Total solar eclipse darkens northwestern Australia
Sydney, Australia, Apr 20 (EFE).- For one minute a total solar eclipse made the day as dark as night Thursday in the small and remote town of Exmouth, in northwest Australia, one of the few places in the world where the phenomenon could be seen in full.
More than 20,000 people, according to public television channel ABC, traveled to Exmouth, a small town of about 3,000 inhabitants about 1,200 kilometers from Perth, with their telescopes, blankets and chairs to witness this event.
With clear skies, the culmination of the solar eclipse, which lasted about a minute, was observed in Exmouth at about 11:30 a.m. local time (3:30 GMT), according to a live broadcast from the Perth Observatory.

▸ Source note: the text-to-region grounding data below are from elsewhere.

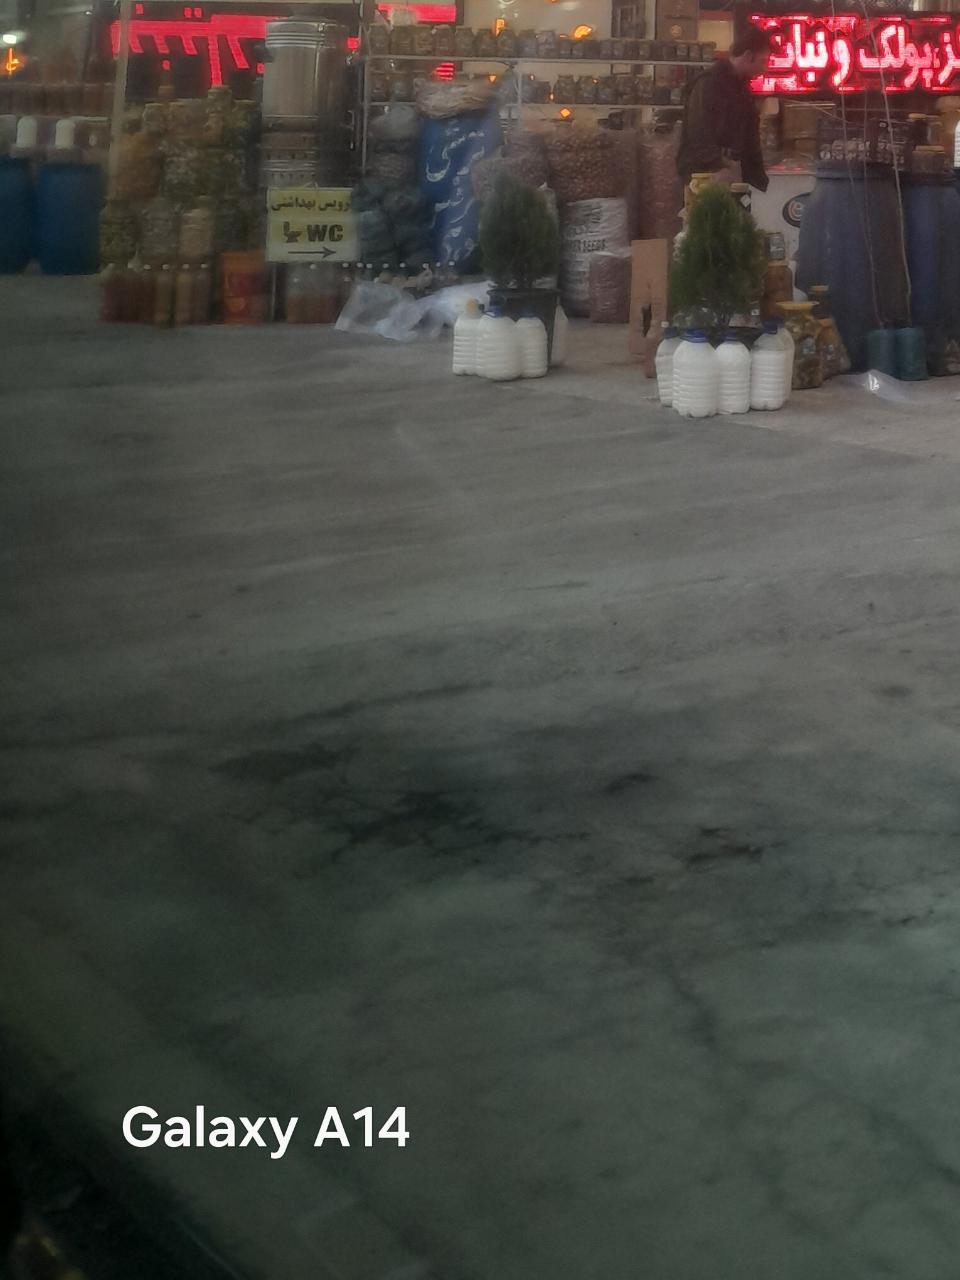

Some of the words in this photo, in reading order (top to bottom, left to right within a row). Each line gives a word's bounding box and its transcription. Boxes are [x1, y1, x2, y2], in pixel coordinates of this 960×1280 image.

[832, 38, 851, 87] و
[858, 23, 933, 88] پولک
[306, 223, 344, 243] WC
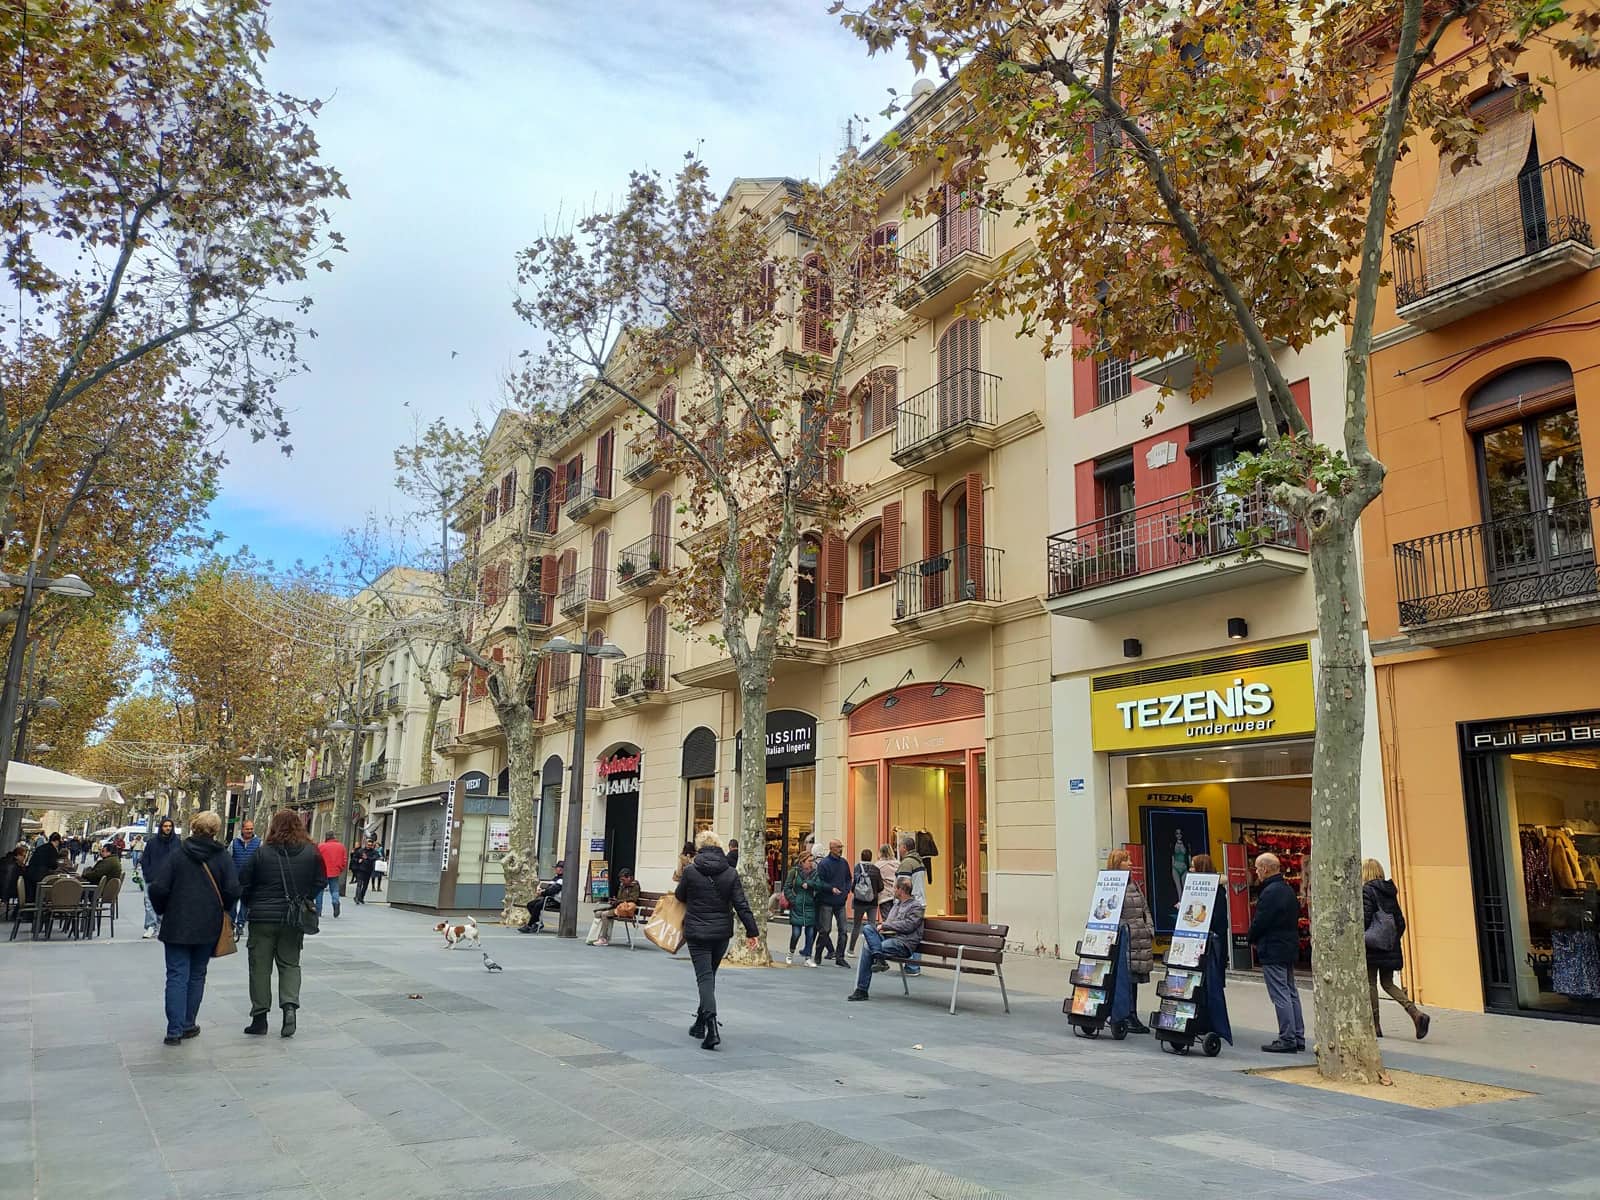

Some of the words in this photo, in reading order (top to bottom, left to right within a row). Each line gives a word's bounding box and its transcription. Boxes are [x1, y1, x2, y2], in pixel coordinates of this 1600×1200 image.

[1186, 719, 1275, 737] underwear
[1474, 732, 1516, 747] Pull
[1521, 730, 1567, 744] and
[786, 741, 811, 754] lingerie
[596, 777, 640, 796] DIANA

“It lasted about a minute but it felt longer,” Henry Throop, a NASA astronomer who flew from the United States to Exmouth, told ABC.
This astronomical event “was so sharp and bright. You could see the corona” of the sun as it was covered by the moon, the American expert added.

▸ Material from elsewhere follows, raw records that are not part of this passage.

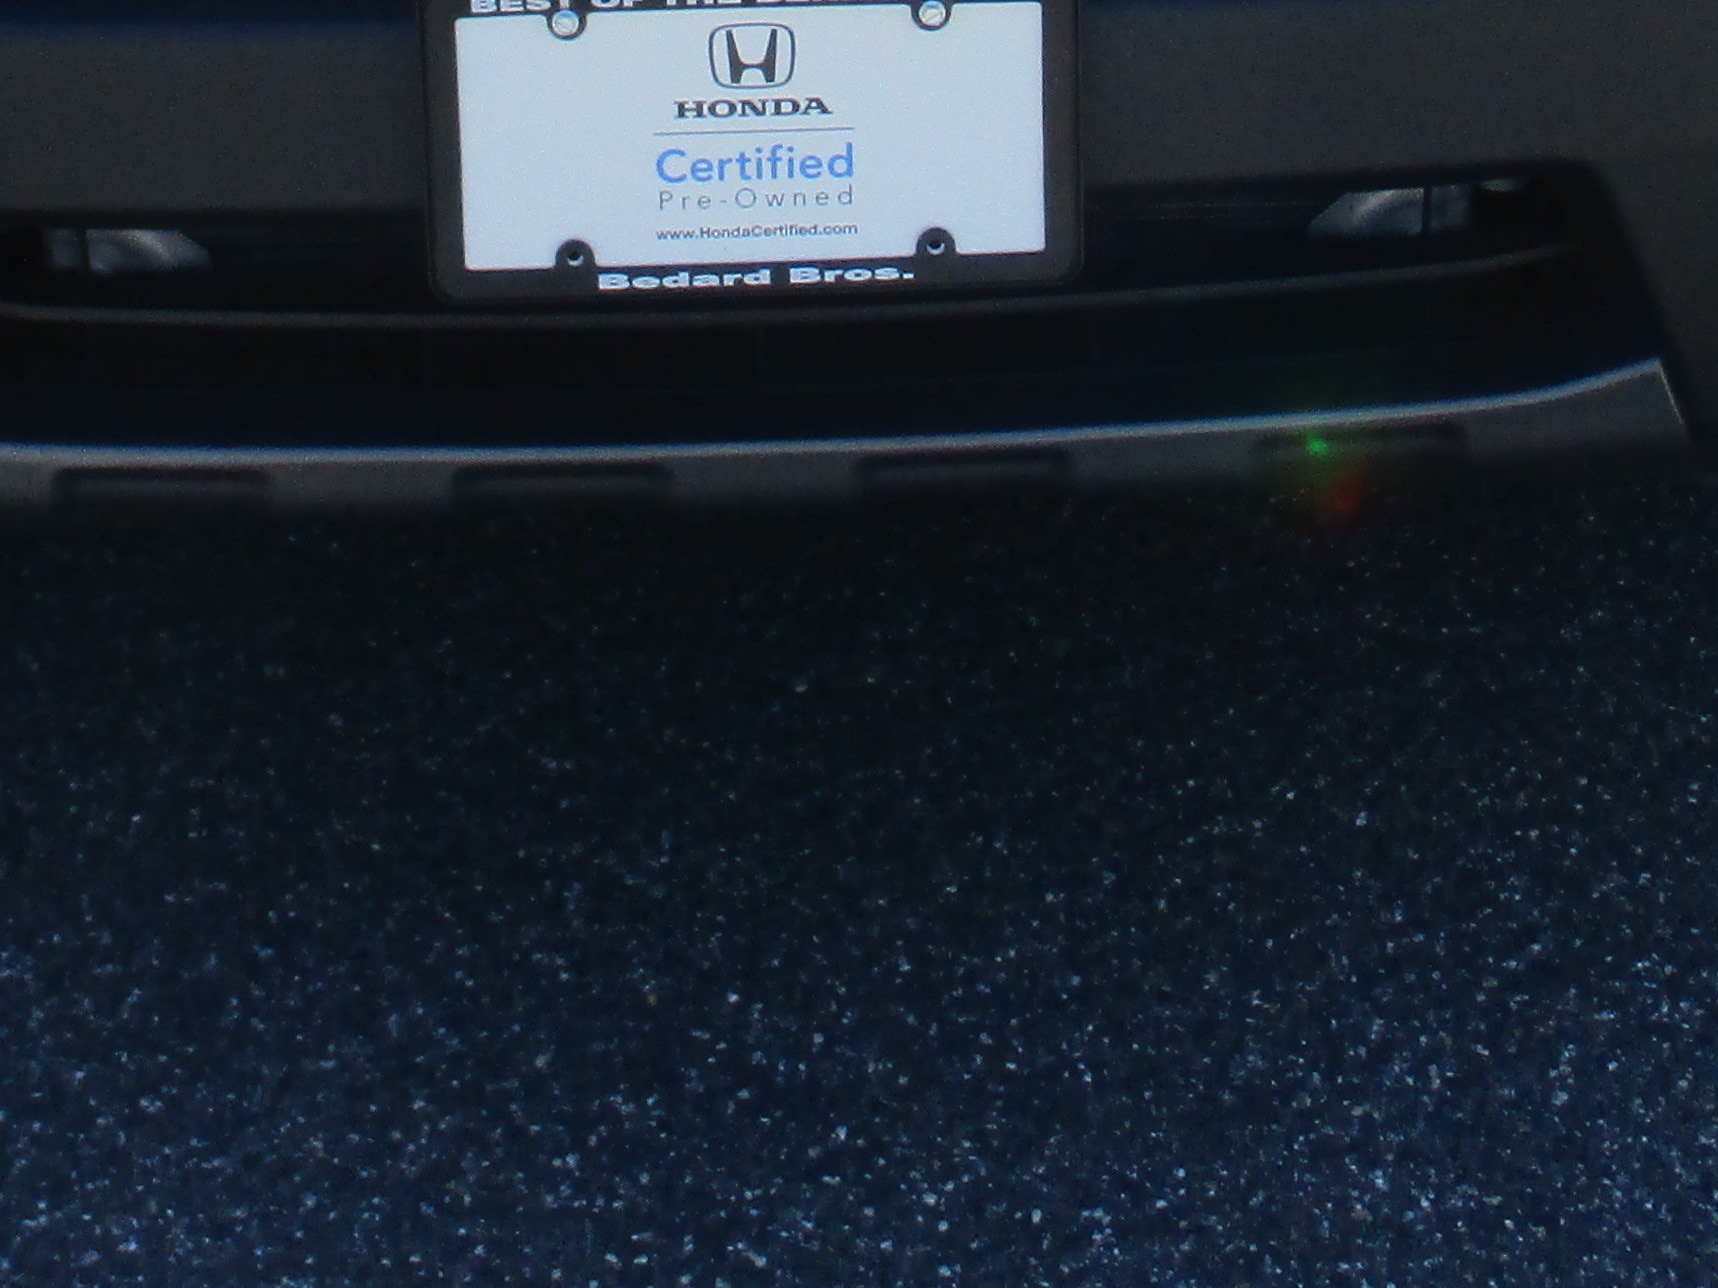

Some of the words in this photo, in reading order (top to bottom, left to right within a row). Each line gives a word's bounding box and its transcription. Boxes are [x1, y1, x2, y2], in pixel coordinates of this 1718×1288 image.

[674, 97, 834, 120] HONDA
[656, 142, 854, 183] Certified
[659, 184, 854, 211] Pre-Owned
[655, 224, 859, 241] www.HondaCertified.com
[789, 266, 916, 284] Bros.

For his part, a Belgian fan, who said he had witnessed 24 eclipses in his life, said Thursday’s seemed “fantastic” because it allowed him to appreciate “the prominences of the chromosphere,” that is, the thin layer of the Sun’s atmosphere.
This eclipse, which occurs when the Sun, Moon, and Earth align so that the Moon covers the solar disk, caused the Moon to cast a shadow of about 40 kilometers across the Earth’s surface.
Although the solar eclipse observed in Exmouth was total, in other places in Australia, as well as Papua New Guinea, New Zealand and other Southeast Asian nations, the observation of the event was partial.
This rare astronomical phenomenon was also part of a “mixed” or “hybrid” eclipse – a term referring to a solar eclipse that is part of the time annular and part of the time total.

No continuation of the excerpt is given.